Your task
Please copy, word for word, the line that contains "this 1344×1512 image." and every line after it through the end of the records, and nothing more.

Extracted information
◇ ◇ ◇ ◇ ◇ ◇ ◇

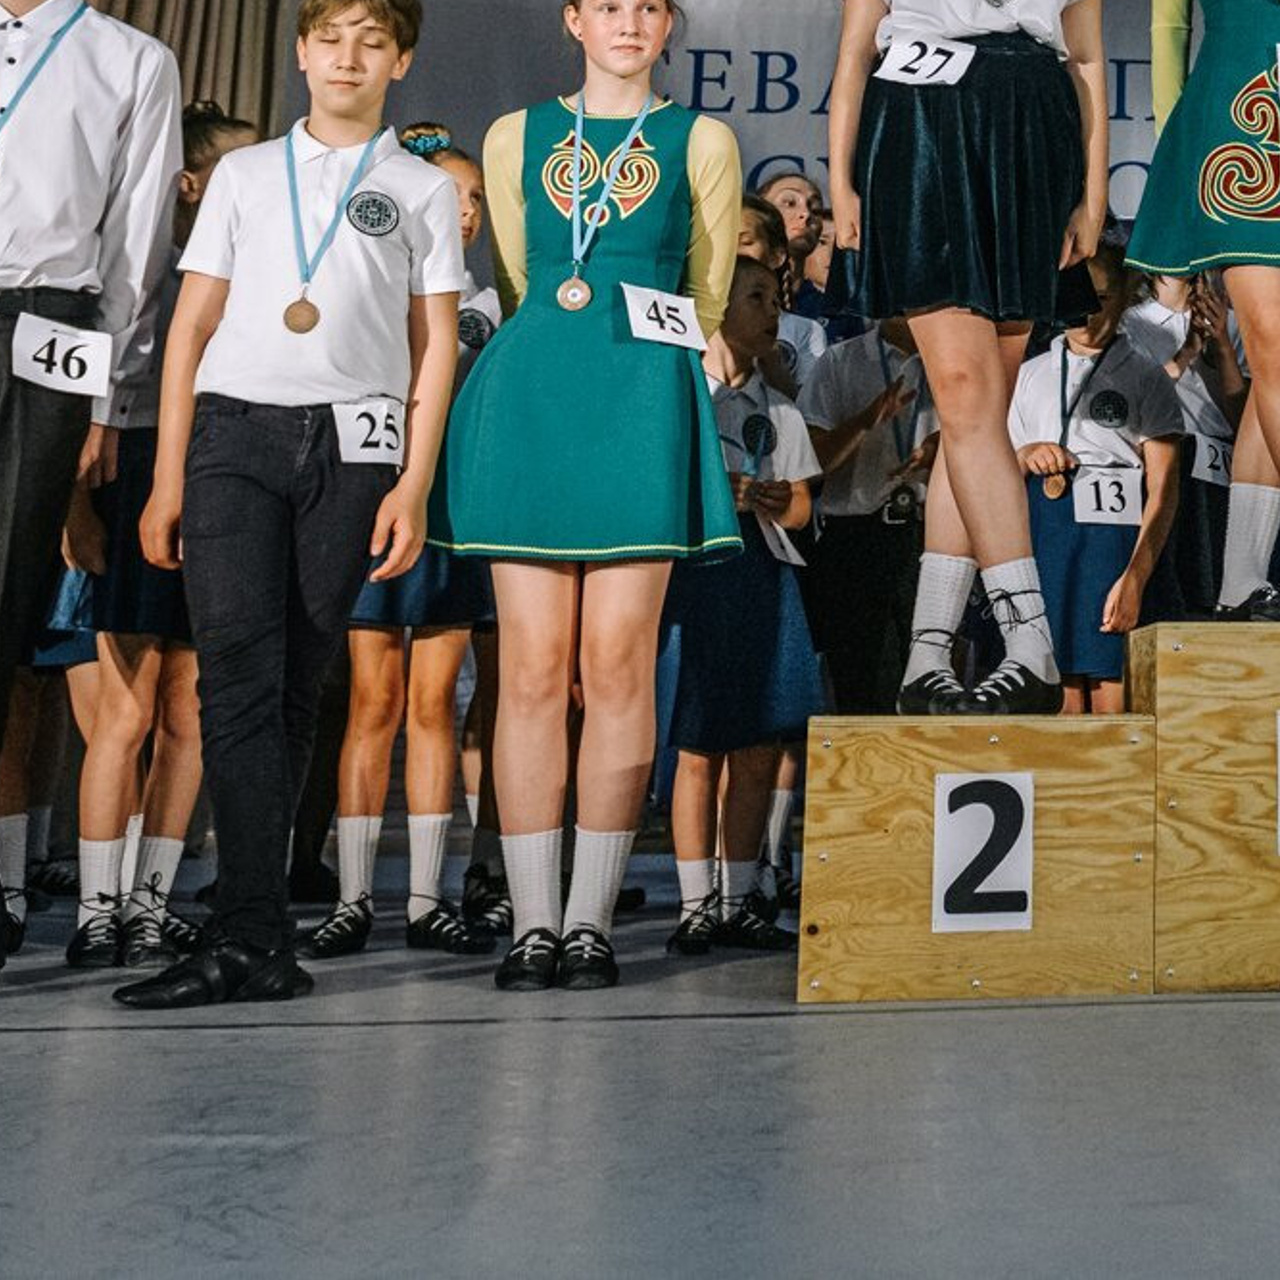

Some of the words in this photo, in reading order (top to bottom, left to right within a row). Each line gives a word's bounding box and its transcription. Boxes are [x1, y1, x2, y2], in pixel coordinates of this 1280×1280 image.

[898, 40, 955, 79] 27
[645, 299, 688, 335] 45
[32, 336, 90, 380] 46
[355, 411, 401, 451] 25
[1089, 479, 1127, 514] 13
[943, 779, 1029, 915] 2
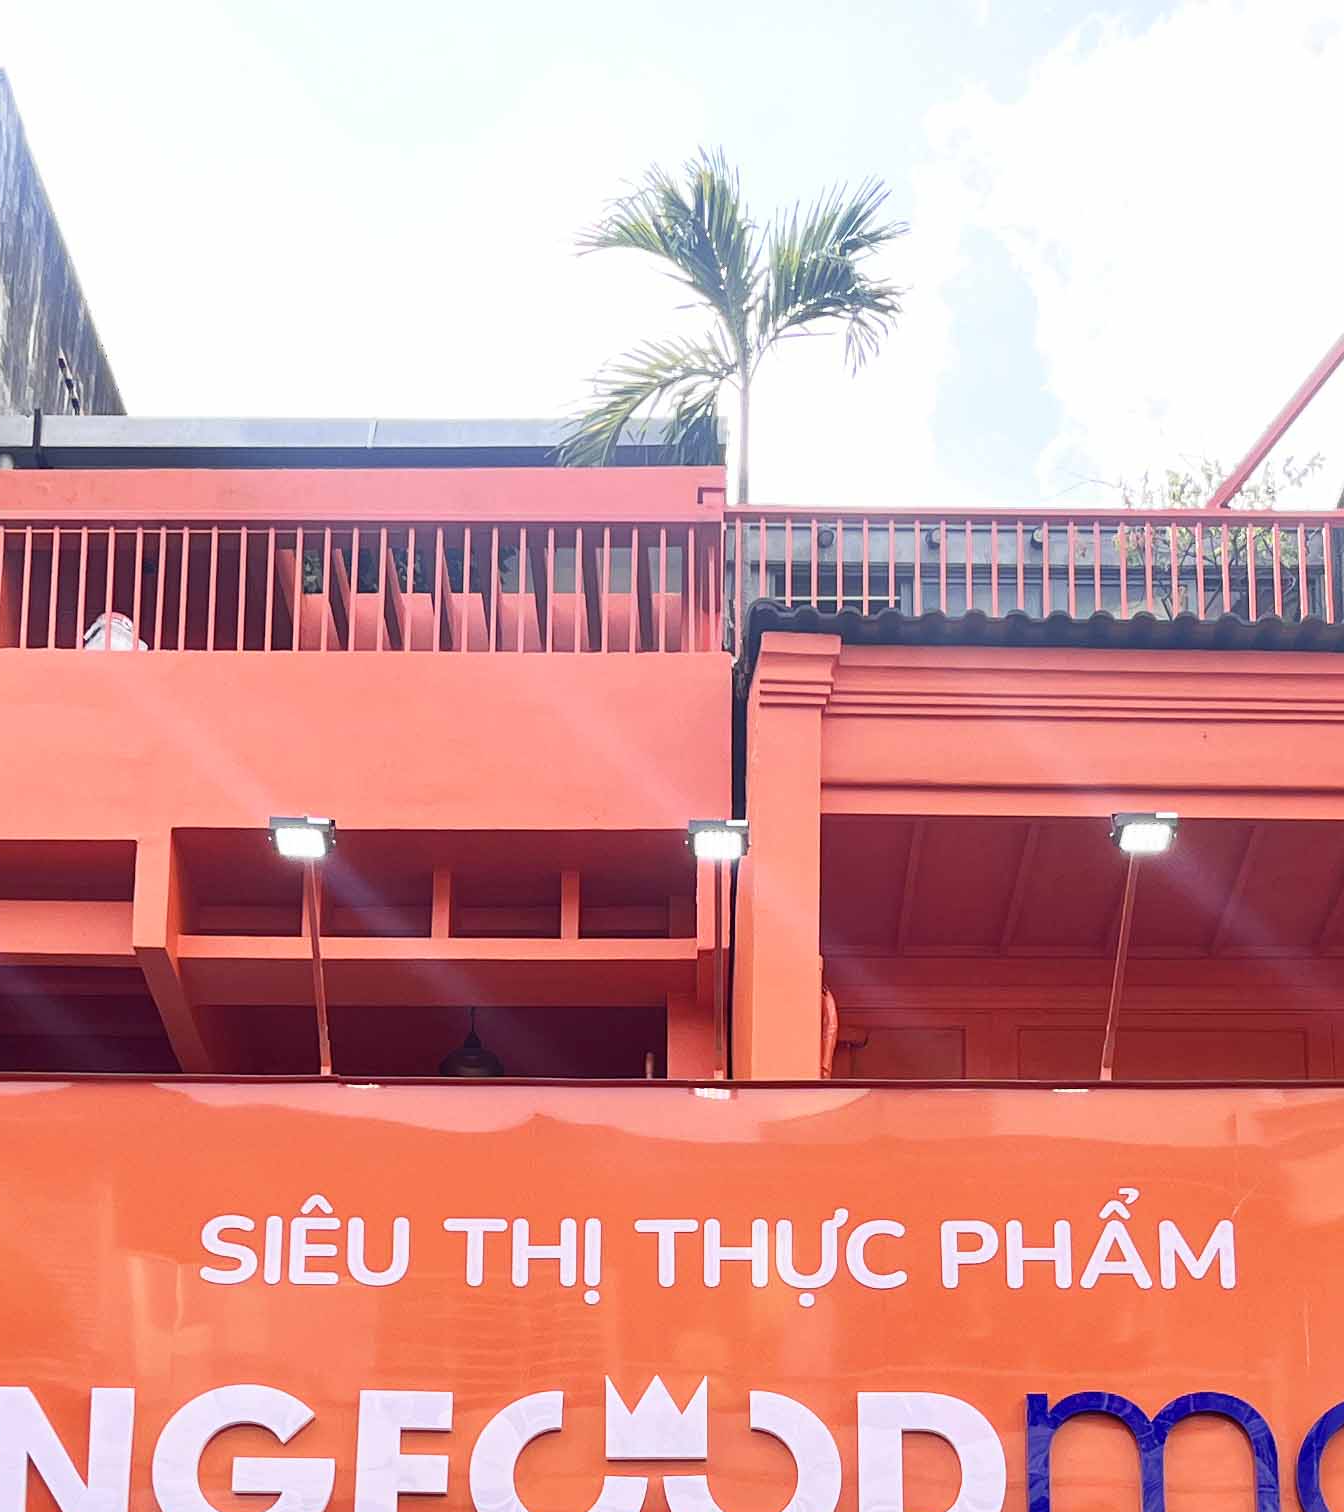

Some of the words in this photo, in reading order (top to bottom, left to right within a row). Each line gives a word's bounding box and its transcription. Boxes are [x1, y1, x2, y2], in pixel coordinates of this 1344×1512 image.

[199, 1194, 411, 1287] SIÊU
[443, 1216, 602, 1305] THỊ
[634, 1207, 907, 1307] THỰC
[940, 1187, 1238, 1289] PHẨM

◇ ◇ ◇ ◇ ◇ ◇ ◇

Expected answer
Some of the words in this photo, in reading order (top to bottom, left to right within a row). Each line gives a word's bounding box and its transcription. Boxes are [x1, y1, x2, y2], in pixel coordinates of this 1344×1512 image.

[199, 1194, 411, 1287] SIÊU
[443, 1216, 602, 1305] THỊ
[634, 1207, 907, 1307] THỰC
[940, 1187, 1238, 1289] PHẨM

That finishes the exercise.